Unfortunately, managers who work in these environments learn not to make plans, and instead surrender themselves to whatever might be happening in the moment. Many compensate by coming to work early, leaving late or working on weekends and holidays — when everyone else in the office is hopefully away.

Michael Gerber’s book, The eMyth Revisited, offers a brilliant prescription in the form of an insight: the very best managers not only work IN their jobs, they work ON them. In other words, they
set time aside to examine the way in which they do their work. They purposefully spend time thinking about their job, how they are executing it, how they are measuring their own success, and what techniques they should use to take it to another level.

Better managers take the next step and “systematize” their job function. They have determined that it is not enough for them to be effective, but they also have decided to assure the success of
their successor by documenting HOW the job is done when it is being done well. They look deeply into the heart of what they are doing, in an effort to develop processes that help them to automate key aspects of the job using the best methods possible. For example, when they find a piece of software that makes their job easier, they document it for future use.

For example, before my first visit to DisneyWorld as an adult several years ago, I happened to buy a book with the title: “How to Enjoy DisneyWorld without Kids.” The book gave a unique
perspective on how to enjoy the different theme parks while avoiding lines, escaping the heat and skipping attractions that would have no interest for adults. I had a wonderful time, thanks
to the work that someone else had done to document insider tips, practices and information that
were unique to my needs.

Gerber advocates writing a very similar document for each job, and argues that this is exactly what the very best managers do. They document their short-cuts, process descriptions and tips in a way
that allows almost anyone with common-sense to do the job effectively.

According to him, it is the single most powerful technique that Ray Kroc, the founder of the McDonald’s chain, used to create the world’s first mega-franchise. After buying a single hamburger
restaurant from the McDonald brothers in California, he discovered and documented what made it successful, and built a chain on the contents of the unique manuals he was able to assemble.

The result? Today, identical-tasting hamburger and fries are sold from thousands of restaurants worldwide to 54 million people daily.

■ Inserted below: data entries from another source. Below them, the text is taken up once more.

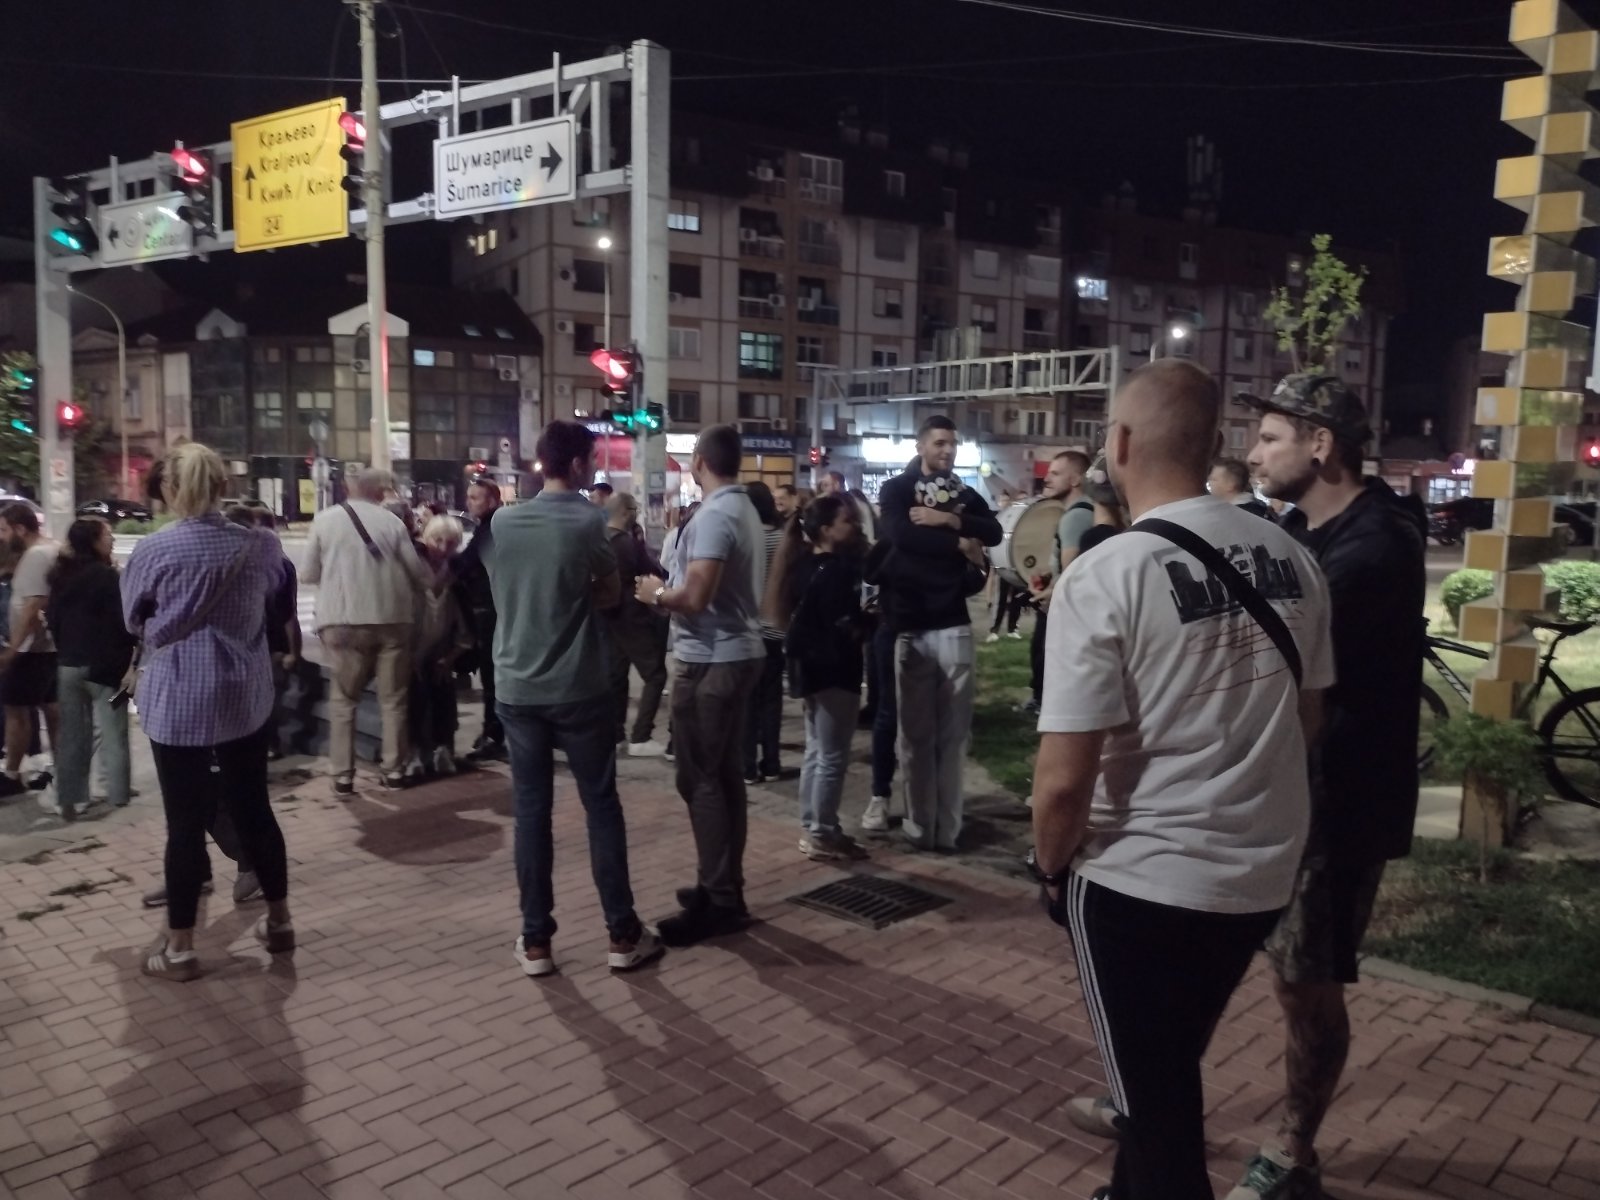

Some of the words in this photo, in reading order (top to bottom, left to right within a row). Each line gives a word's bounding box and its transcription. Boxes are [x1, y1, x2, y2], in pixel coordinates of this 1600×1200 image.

[258, 123, 316, 150] Краљево
[259, 151, 311, 173] Kraljevo
[446, 143, 534, 176] Шумарице
[260, 183, 293, 204] Кнић
[447, 177, 523, 202] Šumarice
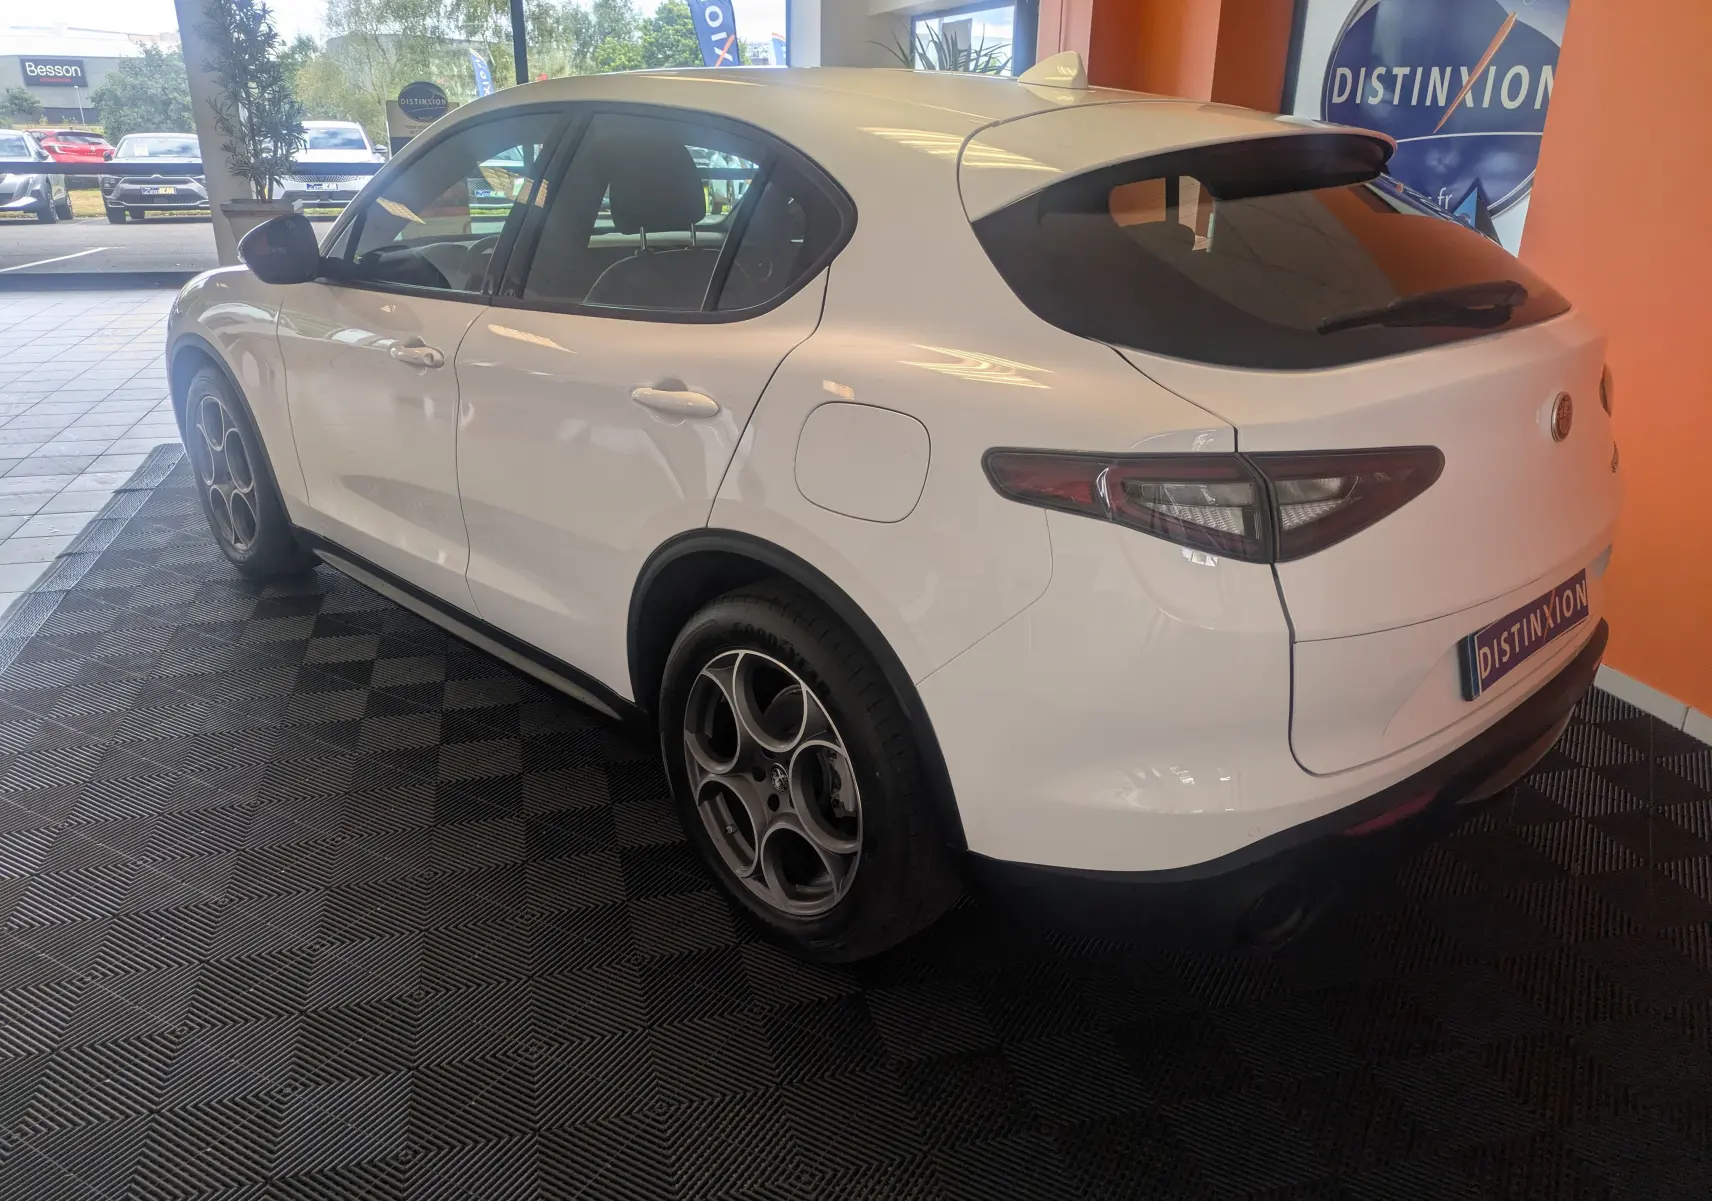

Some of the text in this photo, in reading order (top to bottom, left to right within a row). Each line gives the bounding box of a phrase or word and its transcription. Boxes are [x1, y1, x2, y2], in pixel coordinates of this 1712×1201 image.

Systematization is a powerful method that is very rarely used in our region’s companies.

When it is not done, incoming managers are forced to learn job from scratch, based on little or no basic information, let alone the kind of detailed and nuanced insights that the executive needs to
pass on to a new hire. It may seem that the new hire is failing to demonstrate common sense, but the real failure occurs when managers are not trained to systematize their work and to produce the
turnover documents the new hire needs.


Turnover Documents


Turnover documents include all the information that new hires need to be successful. At the very least, they start with a generic kind of job description. At the very best, they are the end-result of a
long, hard process that a manager has undertaken to work ON their job. They describe the innovations and improvements that a manager has implemented, and if a new hire is lucky it can span several years and managers.

There is no set format to the documents that I have seen and written. They are informal, and meant for immediate application. They are filled with inside knowledge of how things _really_ work — as opposed to how they are supposed to work.

In Jamaica this informal knowledge that is critical to success is known as “the runnings”. Here in the Caribbean, it often means the difference between profit and loss.

For example, the turnover document written for a VP-HR position could describe how to obtain a work permit for an expatriate professional. It would detail who to contact within the Ministry
of Justice and Immigration and who to avoid, which forms are really needed, what the true cost is and how the number of trips to various government offices could be reduced.

A well-written document would save the new VP-HR many hours of time and effort. Yet, in the example cited above, it could only be written by the President of the company — the last person to
successfully perform the job.

However, when the turnover document is missing a new hire could flounder, and make the kind of mistakes that the President might call “a lack of common-sense.”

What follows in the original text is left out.